Ben Jones : , my name is ***** ***** it is my pleasure to assist you with your question today. Did you appeal the dismissal directly with the employer? Please note I am in tribunal today so may not be able to respond immediately but will do so later today thank you
Customer: No,it was clear to me that it would have been a fruitless excercise as
Customer: No, I left the review knowing it would be wasted effort to go to appeal.
Customer: What are your thoughts on my current situation, have I a recourse of action that could be taken against my employer?..I believe I've been discriminated against because of my resultant head injury and current condition.
Ben Jones :

again and thanks patience. Capability, where an employee is unable to perform their job due to ill health, is a potentially fair reasons an employee under the Employment Rights Act 1996. The definition of ‘capability’ includes competence (skill and aptitude), health (any mental/physical quality) and qualifications.

Whether a capability dismissal is fair will depend on the particular circumstances and the procedure that was followed. The employer needs to show they had reasonable grounds to believe that the employee was incapable of performing their job and that nothing further could be done to assist them. In the end they need to show that dismissal was a reasonable decision to take. The courts have held that an important consideration is whether any reasonable employer would have waited longer in the circumstances before dismissing the employee.

When looking at the reasonableness of such a dismissal, the tribunal will usually look at the following elements:

  • What was the nature of the illness

  • Was the employee consulted over their position and did the employer try to ascertain the true medical position

  • What was the likelihood of the employee returning to work or the illness reoccurring in the future

  • The effect a prolonged absence would have on the business and the workforce

  • The availability of other suitable employment that the employee could do instead

Dismissal must always be viewed as a last resort by the employer. Only when it is obvious that the employee cannot continue in their job and that there was nothing else available to do would dismissal become a fair option.

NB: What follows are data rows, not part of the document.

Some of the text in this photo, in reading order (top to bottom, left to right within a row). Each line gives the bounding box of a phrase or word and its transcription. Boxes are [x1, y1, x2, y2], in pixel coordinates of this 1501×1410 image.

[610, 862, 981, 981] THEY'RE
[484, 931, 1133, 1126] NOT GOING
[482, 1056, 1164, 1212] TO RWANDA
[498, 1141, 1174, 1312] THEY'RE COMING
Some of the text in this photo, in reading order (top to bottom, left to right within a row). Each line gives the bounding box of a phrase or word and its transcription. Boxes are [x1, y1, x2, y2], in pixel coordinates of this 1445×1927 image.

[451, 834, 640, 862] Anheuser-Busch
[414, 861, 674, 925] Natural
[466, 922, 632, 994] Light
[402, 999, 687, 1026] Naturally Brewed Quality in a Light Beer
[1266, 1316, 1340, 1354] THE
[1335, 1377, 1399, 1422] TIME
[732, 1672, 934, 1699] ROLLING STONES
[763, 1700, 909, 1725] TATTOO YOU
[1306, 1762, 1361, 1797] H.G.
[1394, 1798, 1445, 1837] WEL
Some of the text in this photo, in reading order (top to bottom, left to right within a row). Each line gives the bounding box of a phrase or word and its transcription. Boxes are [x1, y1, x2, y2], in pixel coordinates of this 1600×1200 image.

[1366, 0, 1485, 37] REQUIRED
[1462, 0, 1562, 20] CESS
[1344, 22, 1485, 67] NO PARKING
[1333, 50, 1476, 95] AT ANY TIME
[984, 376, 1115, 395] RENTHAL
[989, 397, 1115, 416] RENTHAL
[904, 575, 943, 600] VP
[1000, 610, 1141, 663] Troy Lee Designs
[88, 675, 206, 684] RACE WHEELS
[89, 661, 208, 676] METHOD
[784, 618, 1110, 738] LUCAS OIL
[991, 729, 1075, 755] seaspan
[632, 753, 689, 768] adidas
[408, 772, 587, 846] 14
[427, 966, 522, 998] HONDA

It is also important to consider the additional rights someone would have if the condition that is affecting them amounts to a 'disability'. This can have a broad meaning and there is no single list of conditions that amount to a disability under law. Instead, to establish whether a person is disabled, they need to show they satisfy the legal definition of ‘disability’.

The Equality Act 2010 defines a disability as a “physical or mental impairment that has a substantial and long-term adverse effect on a person’s ability to carry out normal day-to-day activities”.

I will break this definition down:

  • Physical or mental impairment – this can include nearly any medical condition;

  • Substantial effect – the effect must be more than minor or trivial;

  • Long-term - the effect of the impairment must either have lasted or be likely to last least 12 months;

  • Normal day-to-day activities – these could include anything considered ‘normal’ in a person's normal daily routine (e.g. walking, driving, speaking, eating, washing, etc.)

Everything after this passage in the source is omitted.